I know many newly observant people who regret having been philosophy or humanities majors in university. Many have told me that once they started learning Torah and Jewish thought, they had to unlearn much of what they had studied in college.
Fortunately, having been an agriculture major with a specialist in horticulture and tree farming, I didn't have to unlearn a thing. Indeed, much of what Hashem enabled me to study has helped me throughout the years in Torah and Judaism. With such a background, Tu B'Shvat - the New Year for trees - is certainly one of my favorite holidays.
Few nations are so environmentally aware as the Jewish People; Tu B'Shvat, for example, is a day when we focus on beautifying the earth we live on. Especially here in Israel, Tu B'Shvat is a day of planting trees all across the countryside.

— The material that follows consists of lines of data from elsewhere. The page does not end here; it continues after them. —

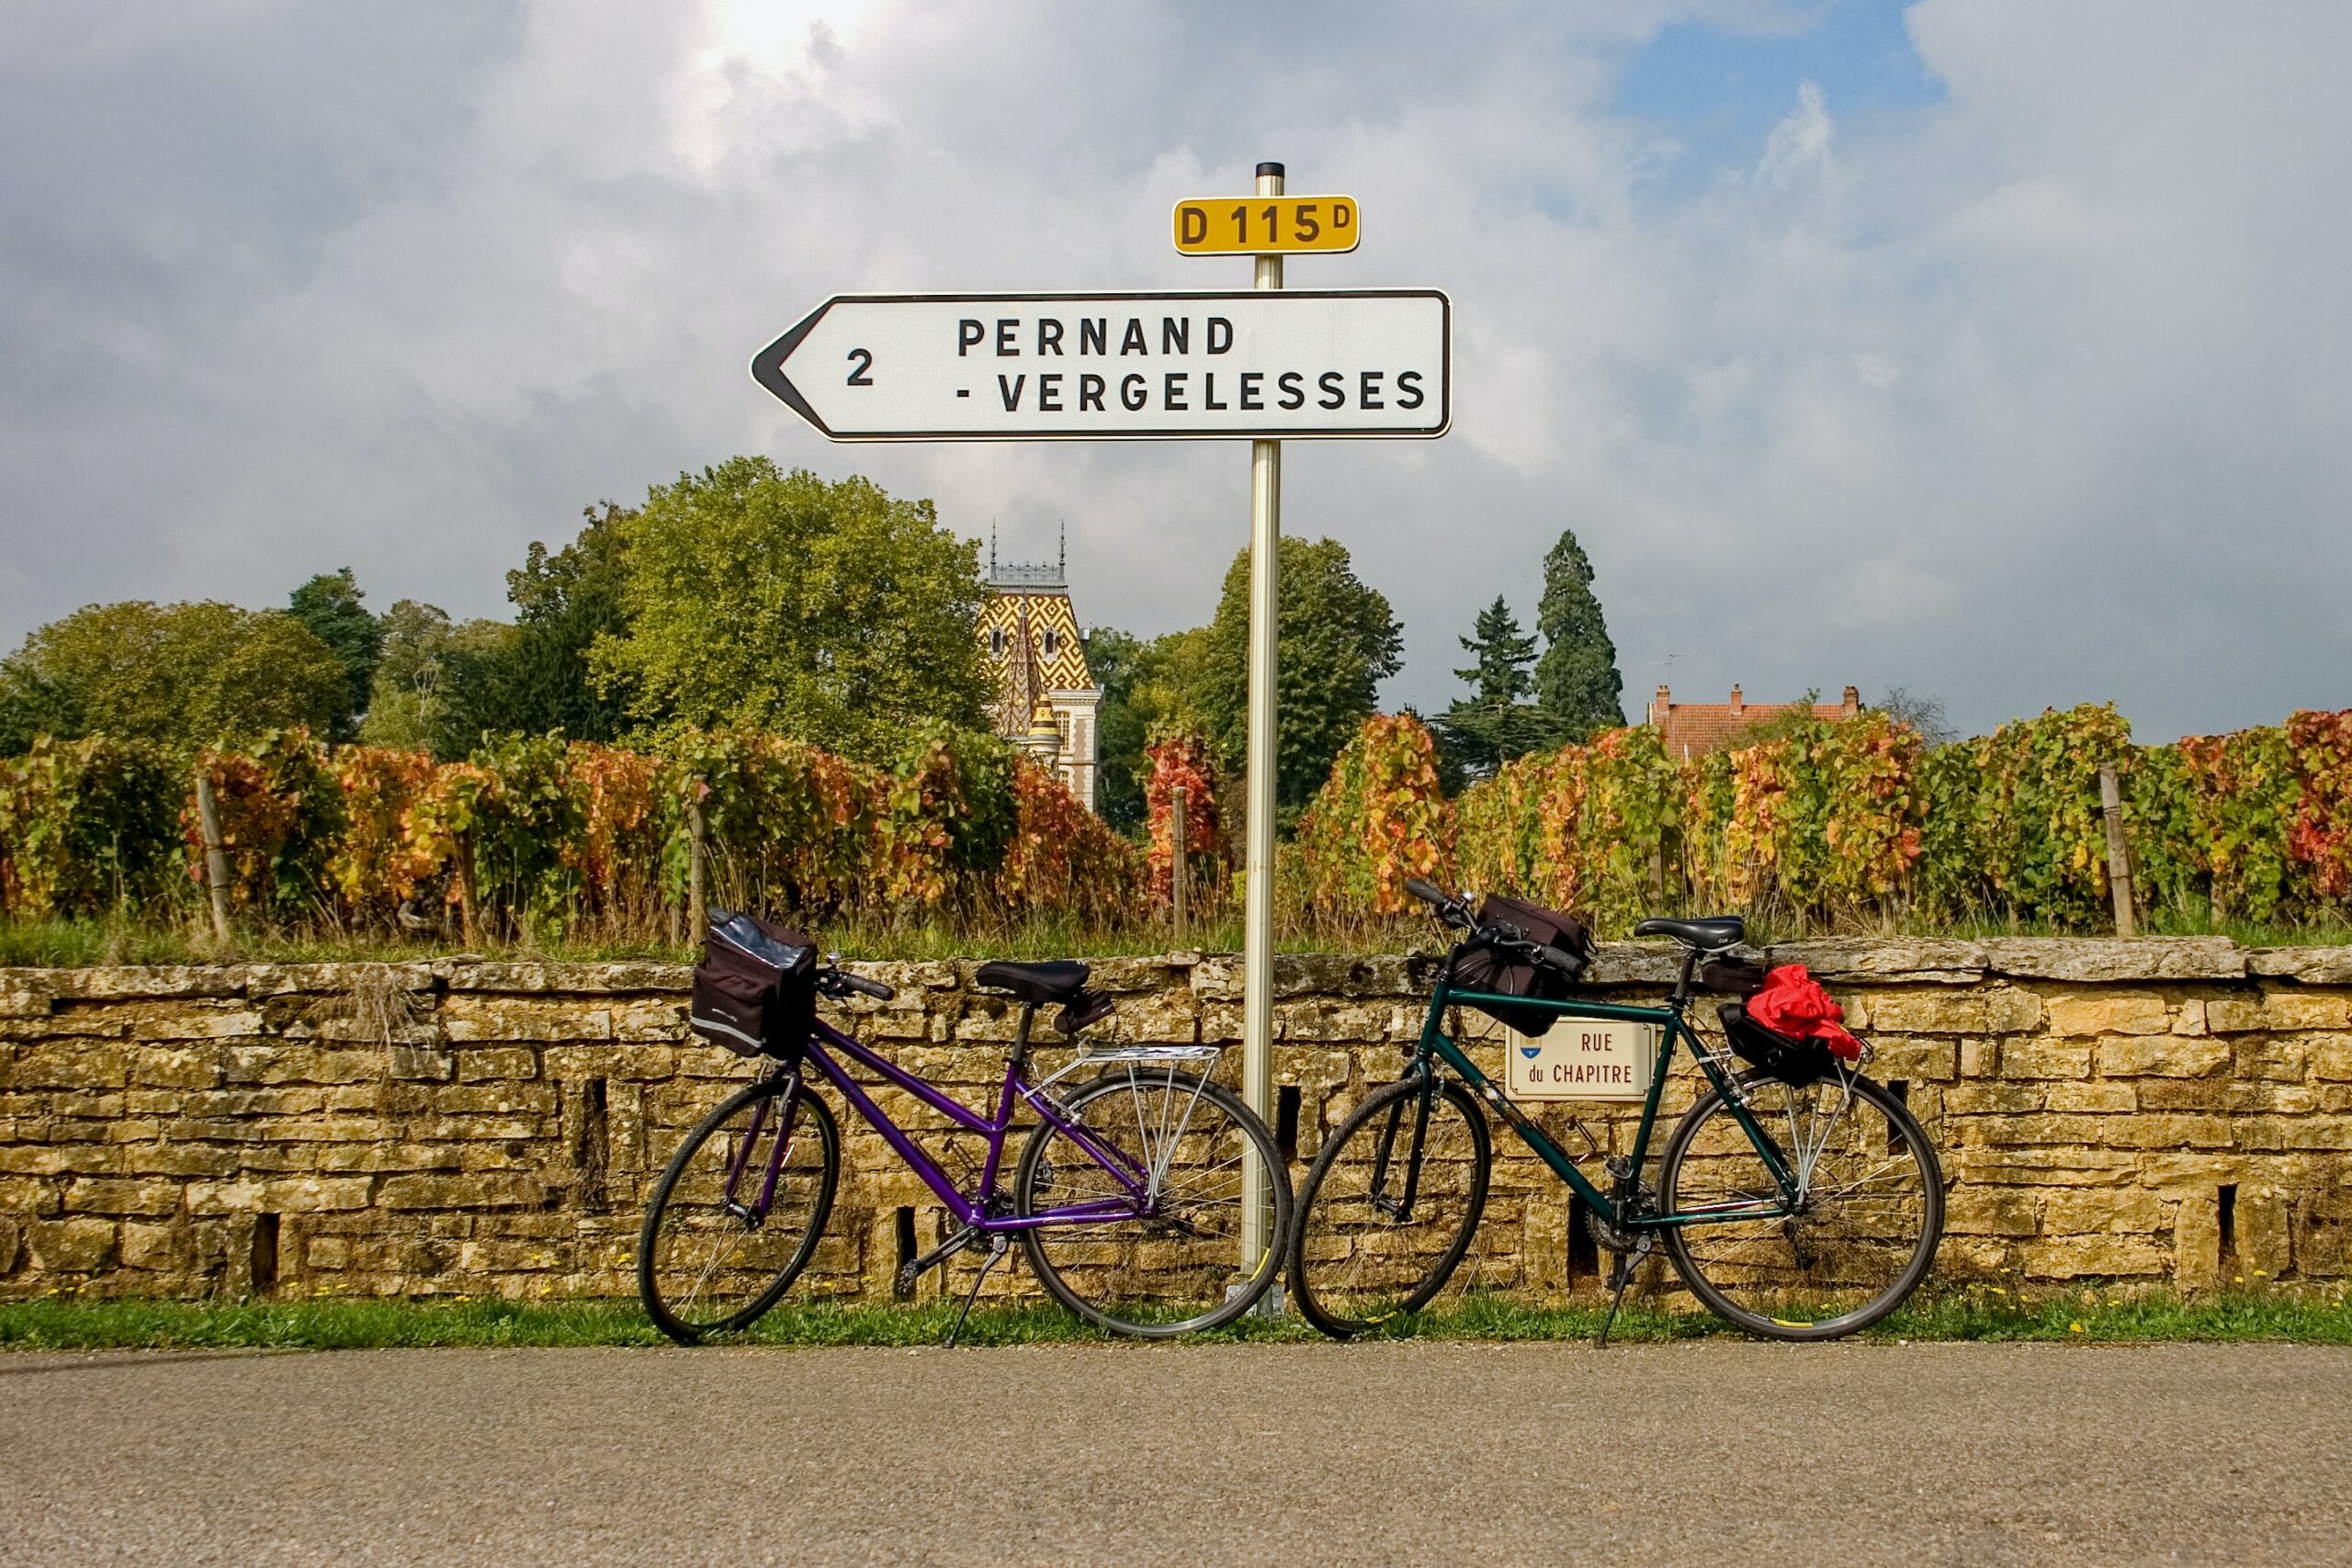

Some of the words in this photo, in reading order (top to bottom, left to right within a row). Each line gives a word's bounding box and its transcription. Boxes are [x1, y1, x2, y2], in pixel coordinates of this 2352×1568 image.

[1181, 207, 1208, 245] D
[958, 317, 1234, 357] PERNAND
[846, 347, 874, 387] 2
[1581, 1032, 1612, 1052] RUE
[1529, 1064, 1544, 1083] du
[1553, 1064, 1632, 1084] CHAPITRE

Consider planting a tree (or two, or three, or more) in your backyard.
Many people plant a fruit tree every time they are blessed with a new child, for trees in Jewish tradition are symbolic of fertility, children and abundance. that's truly a beautiful custom.
Almost everyone on Tu B'Shvat focuses on planting. Yet, let's look at a different angle of trees and Tu B'Shvat. What are we gaining by planting new trees alone without caring for existing trees? That's like building a hospital with nothing other than a maternity ward...

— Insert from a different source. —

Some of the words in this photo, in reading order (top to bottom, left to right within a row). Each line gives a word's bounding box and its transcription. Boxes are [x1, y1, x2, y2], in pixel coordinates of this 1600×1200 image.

In recent years, I witnessed two "tree holocausts." One was the Carmel Fire of 2011 here in Israel, where an estimated 6,000,000 trees were burned; that was ghostly symbolic, for the Torah tells us that man is a tree in the field. The second was in New York City during Hurricane Sandy. Brooklyn and Long Island were like a military obstacle course, with massive trees downed, uprooted and broken all over the place.
There's a lot we can do to save trees from hurricanes, high winds, snow and the weight of ice. The laws of charity say that charity begins at home; in like manner, let's first make sure that the trees in our domain are safe.
The following are some practical pointers that will help not only to save your trees, but to keep them healthy for years to come:
1. Trees may look massive from the outside, but if they're decayed on the inside by termites, rodents or other pests, they'll be highly susceptible to extreme winds and weather. While examining the felled trees in New York City after Hurricane Sandy, I noticed that most of them were decayed in the center with insect and termite infestation. Hire a certified tree specialist, otherwise known as an "arborist" or a "tree doctor" to examine your trees. Arborists are knowledgeable about the needs of trees and are trained and equipped to provide proper care. Hiring an arborist is a decision that should not be taken lightly.
Don't forget that well-cared-for trees are attractive; they also add considerable value to your property. Poorly maintained trees can be a significant liability. Pruning or removing trees, especially large trees, can be dangerous work, so don't do it alone. Chain saws are especially dangerous for those who don't have experience, so hire a person who is trained and equipped to work safely in trees.
2. Once you have a tree specialist who you work with regularly, you'll be a priority client and will benefit from pre-storm checkups. Pre-storm assessment help identify trouble spots. Decaying and leaning trees should be pruned, staked or removed, especially those threatening dwellings, parked cars or utility lines.
3. Trees don't like to be "choked", that is, planted in a crowded manner. But, once they have they're necessary space (roughly 90 sq. ft. or 9 square meters per fruit tree), they like being planted in groups. This has a benefit, for there is strength in numbers. Trees planted in groups survive better in high winds, because they won't be able to bend as readily to the point of breakage. They also help soften the blow of the wind force.
4. People love planting exotic trees that no one in the neighborhood has, but I don't recommend it. Don't plan palm trees unless you live in Florida, California, Israel, or points even closer to the equator. Plant trees that are native to your environment. Peaches do great in Georgia and apples are perfect for Maryland and Pennsylvania. Nut and cherry tree do well further north. Some varieties do better than others in storms, especially trees with conical branching. Dwarf varieties - trees that are small at maturity - give full-sized fruit, are easy to care for and hold up well against storms. If you live anywhere in Israel, olives, figs, grapes and pomegranates will all perform well.
5. Talk to your trees with affection - they have souls and will thrive on your love for them. This is no joke - try it and prove it to yourself.
Trees are on of Hashem's greatest gifts to us. On Tu B'Shvat, let's than Him with all our hearts. May Hashem bless you with wonderful fruit - fruit of the trees and fruit of the womb, amen!